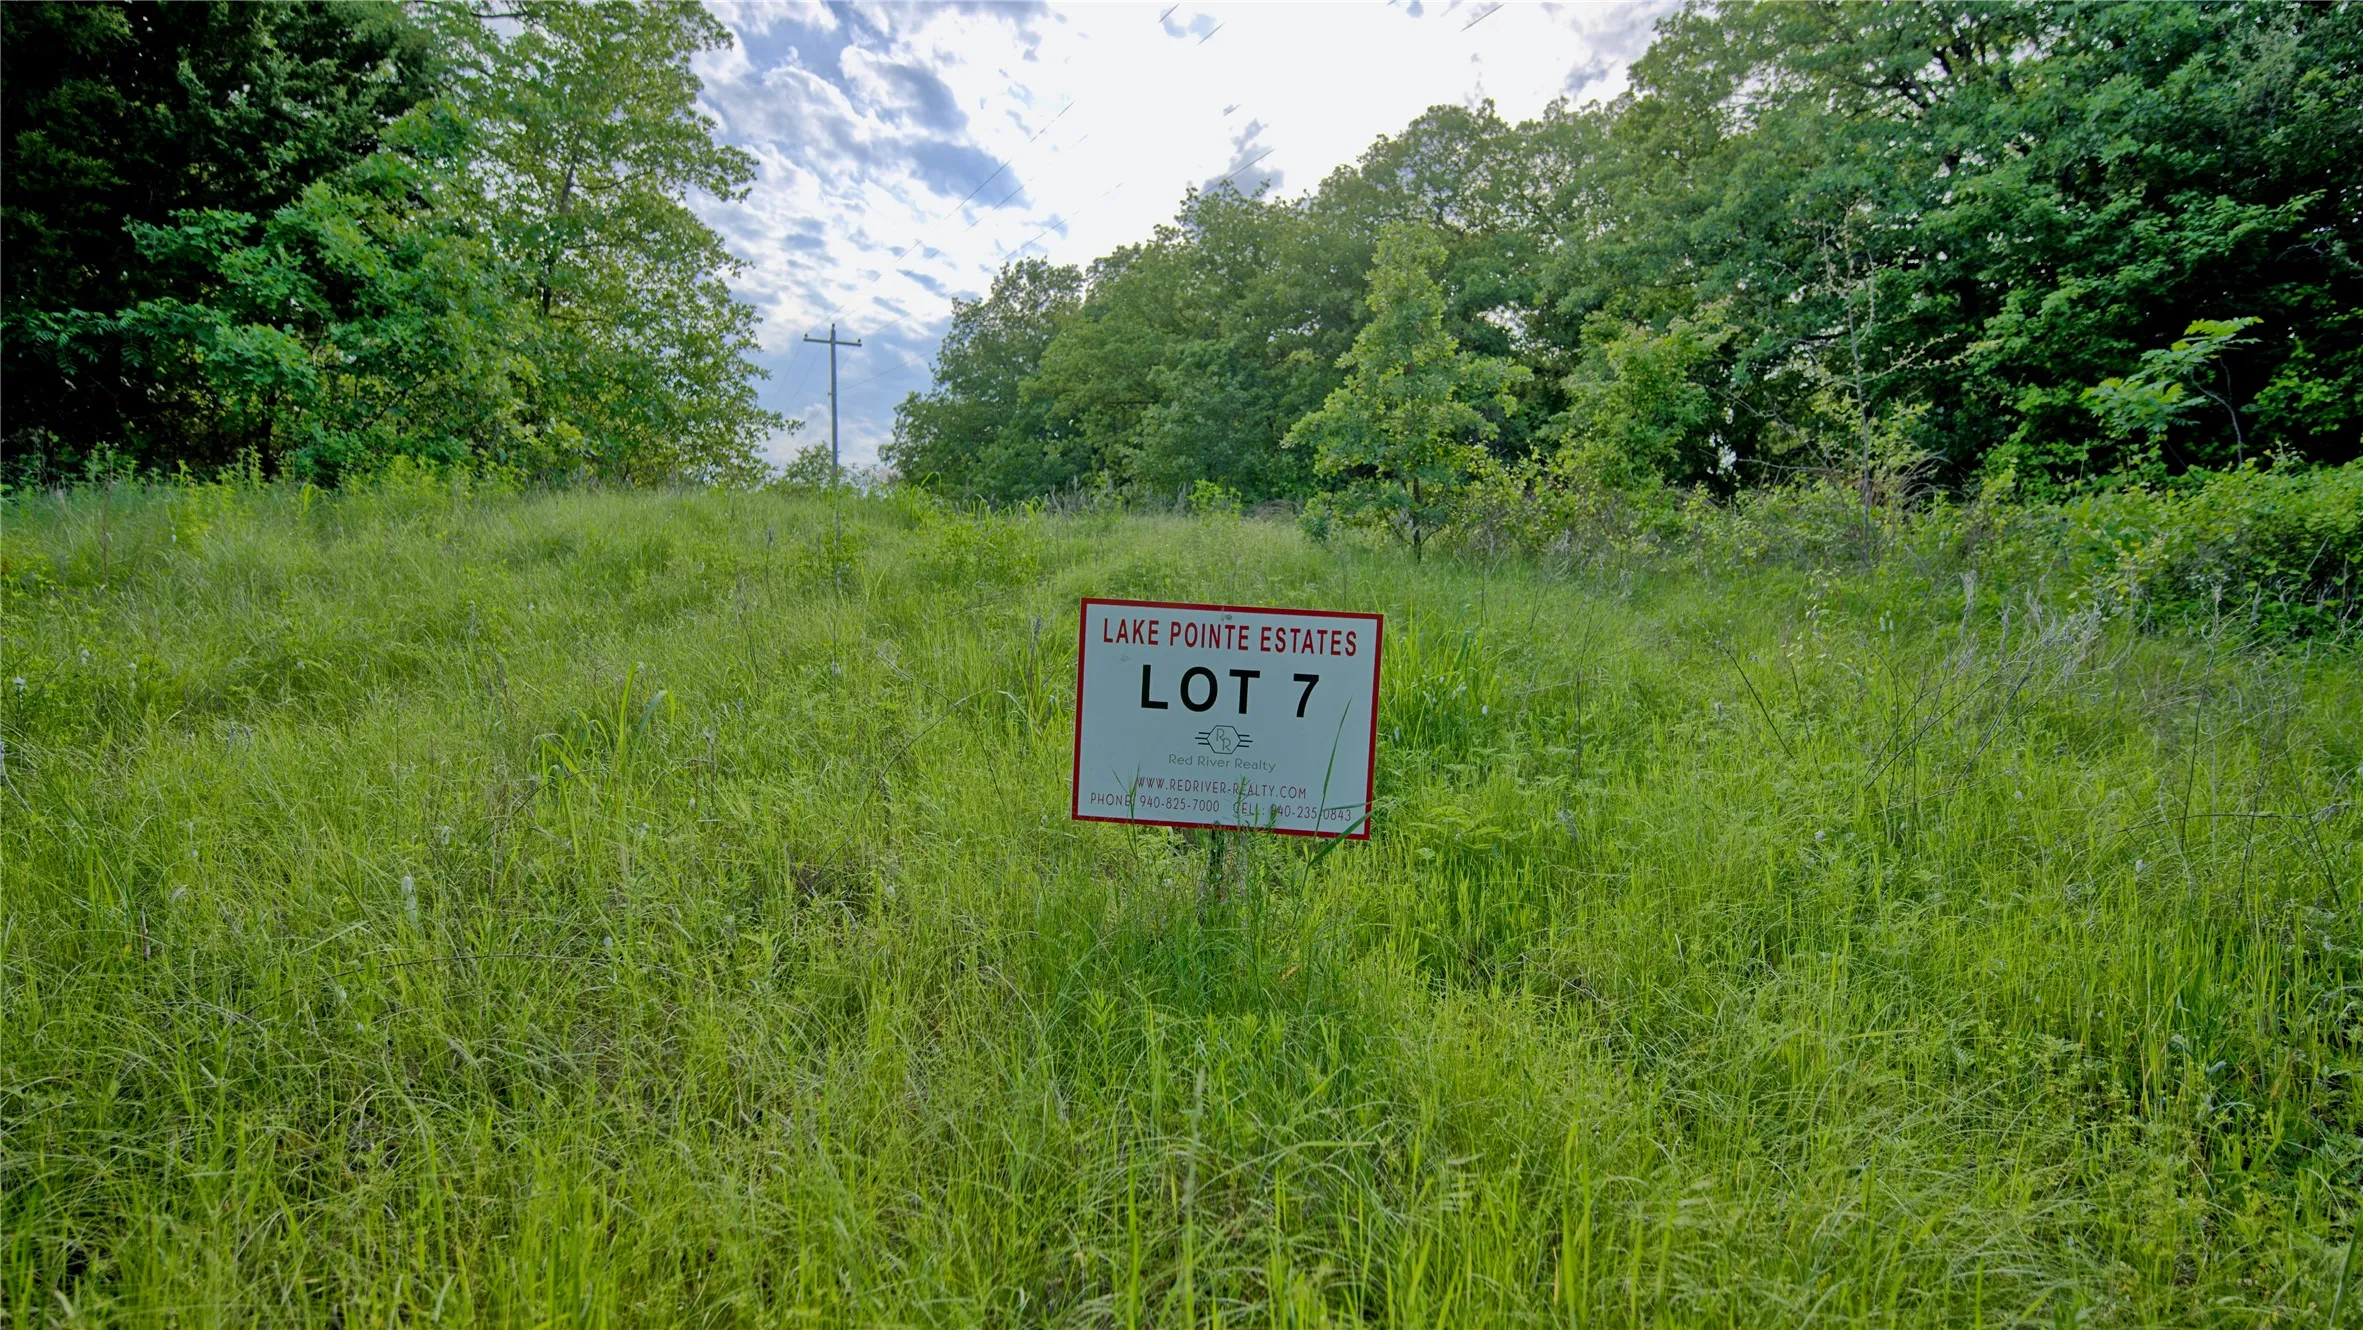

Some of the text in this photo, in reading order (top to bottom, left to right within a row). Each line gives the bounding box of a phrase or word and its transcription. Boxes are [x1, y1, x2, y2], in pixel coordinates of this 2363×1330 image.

[1103, 618, 1357, 656] LAKE POINTE ESTATES
[1140, 664, 1319, 718] LOT 7
[1168, 754, 1276, 773] Red River Realty
[1091, 792, 1352, 821] PHONE 940-825-7000 CEL: 940-2350843
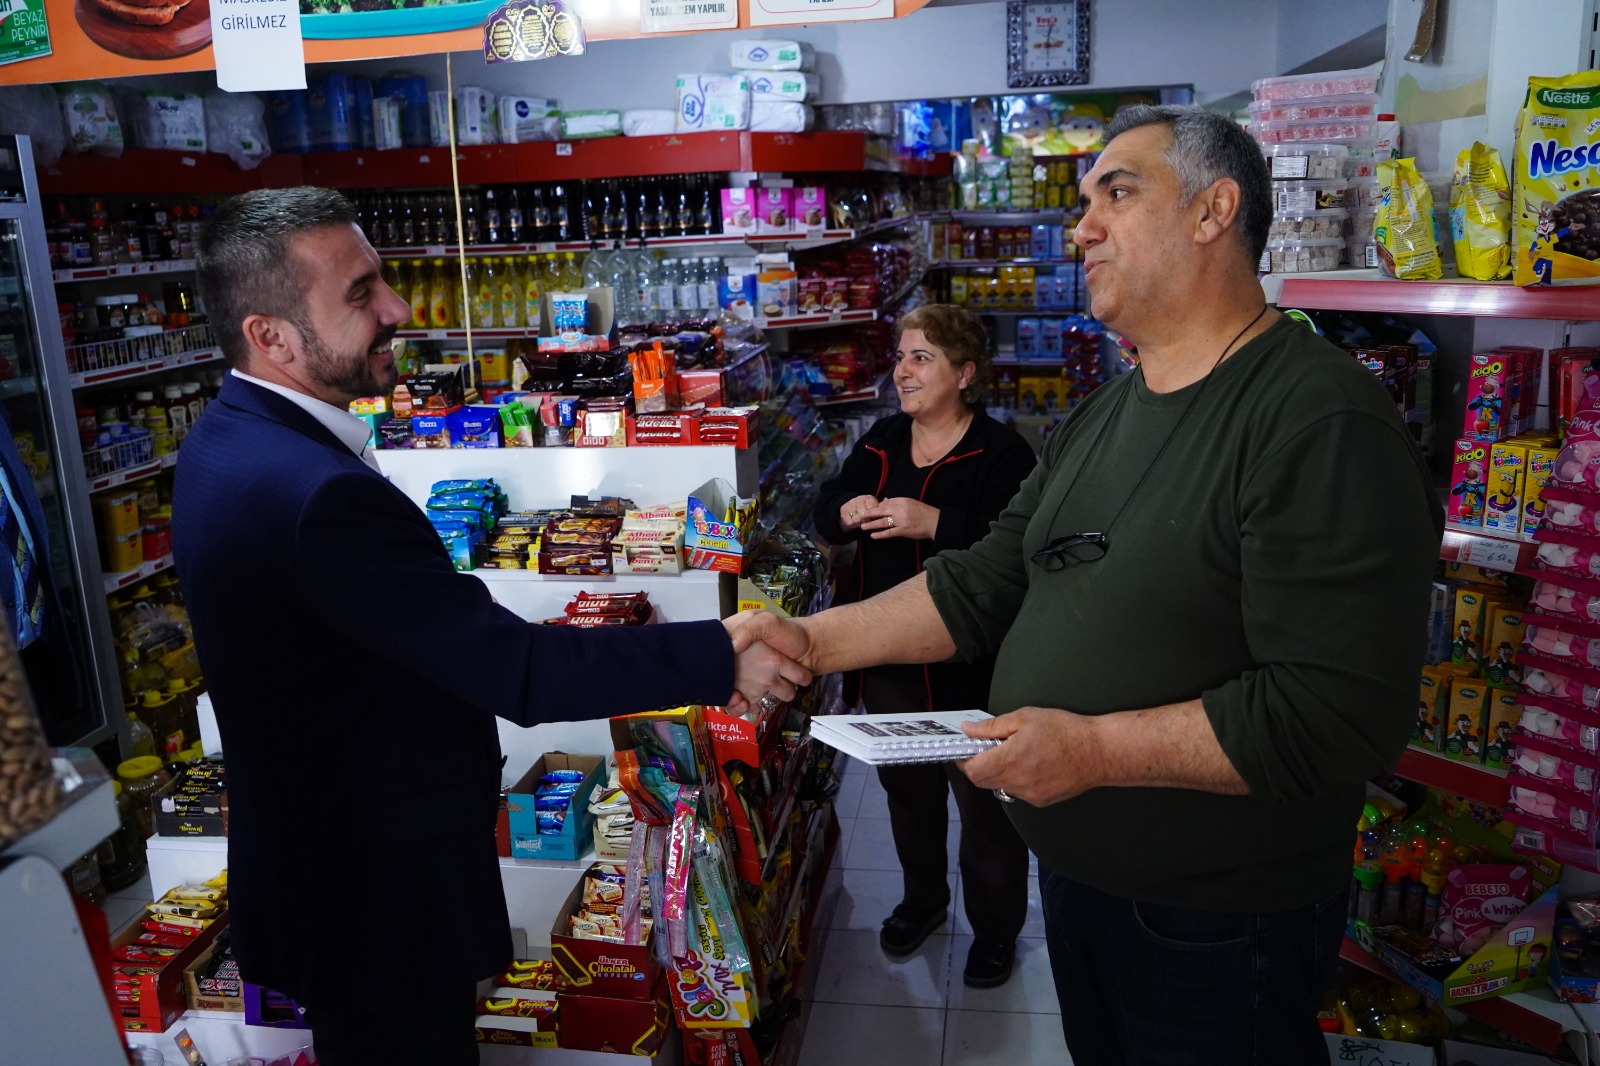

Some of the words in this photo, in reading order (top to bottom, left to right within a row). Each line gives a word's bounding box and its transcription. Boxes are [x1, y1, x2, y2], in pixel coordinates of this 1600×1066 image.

[13, 9, 45, 26] BEYAZ
[221, 13, 287, 30] GİRİLMEZ
[11, 23, 47, 42] PEYNİR
[636, 420, 674, 428] adelle
[1570, 416, 1593, 432] Pink
[637, 511, 671, 519] Albeni
[1465, 883, 1510, 896] BEBETO
[1455, 908, 1482, 920] Pink
[598, 955, 629, 966] ÜLKER
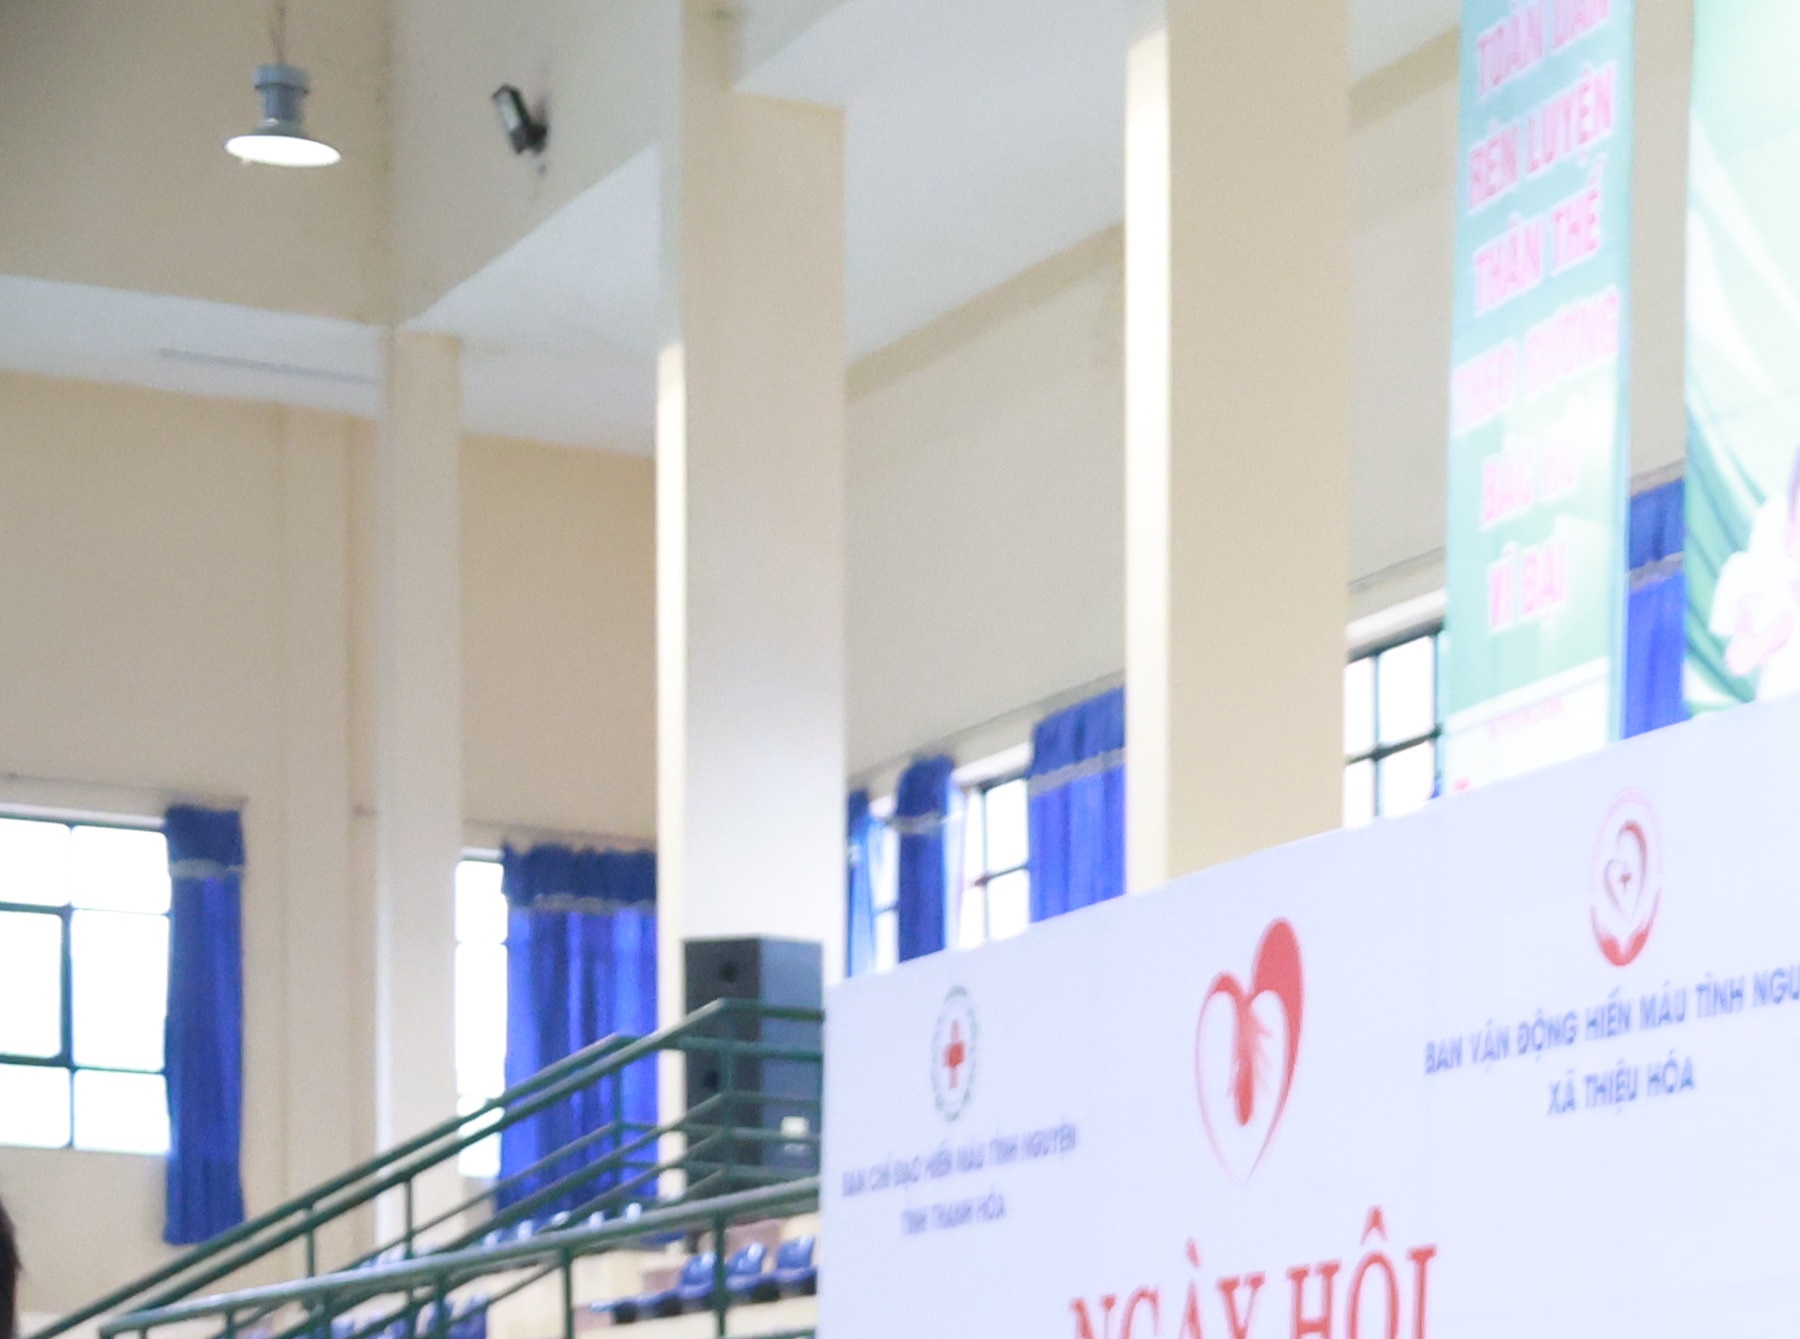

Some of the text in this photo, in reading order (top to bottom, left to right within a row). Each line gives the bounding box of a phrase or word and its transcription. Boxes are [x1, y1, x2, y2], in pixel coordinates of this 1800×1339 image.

[1424, 1034, 1462, 1075] BAN
[1470, 1018, 1511, 1072] VẬN
[1516, 1007, 1577, 1063] ĐỘNG
[1584, 985, 1631, 1041] HIẾN
[1639, 979, 1687, 1032] MÁU
[1695, 971, 1745, 1020] TÌNH
[1547, 1048, 1696, 1117] XÃ THIỆU HÓA

* * * * *

== Work instructions ==
Without any of the pictures, reproduce the listing above exactly.

== Task response ==
Some of the text in this photo, in reading order (top to bottom, left to right within a row). Each line gives the bounding box of a phrase or word and its transcription. Boxes are [x1, y1, x2, y2], in pixel coordinates of this 2363×1330 image.

[1103, 618, 1357, 656] LAKE POINTE ESTATES
[1140, 664, 1319, 718] LOT 7
[1168, 754, 1276, 773] Red River Realty
[1091, 792, 1352, 821] PHONE 940-825-7000 CEL: 940-2350843

Some of the words in this photo, in reading order (top to bottom, left to right within a row). Each line gives a word's bounding box and its transcription. Boxes are [x1, y1, x2, y2], in pixel coordinates of this 1600×1066 image.

[13, 9, 45, 26] BEYAZ
[221, 13, 287, 30] GİRİLMEZ
[11, 23, 47, 42] PEYNİR
[636, 420, 674, 428] adelle
[1570, 416, 1593, 432] Pink
[637, 511, 671, 519] Albeni
[1465, 883, 1510, 896] BEBETO
[1455, 908, 1482, 920] Pink
[598, 955, 629, 966] ÜLKER

Some of the text in this photo, in reading order (top to bottom, left to right within a row). Each line gives the bounding box of a phrase or word and its transcription. Boxes are [x1, y1, x2, y2], in pixel coordinates of this 1800×1339 image.

[1424, 1034, 1462, 1075] BAN
[1470, 1018, 1511, 1072] VẬN
[1516, 1007, 1577, 1063] ĐỘNG
[1584, 985, 1631, 1041] HIẾN
[1639, 979, 1687, 1032] MÁU
[1695, 971, 1745, 1020] TÌNH
[1547, 1048, 1696, 1117] XÃ THIỆU HÓA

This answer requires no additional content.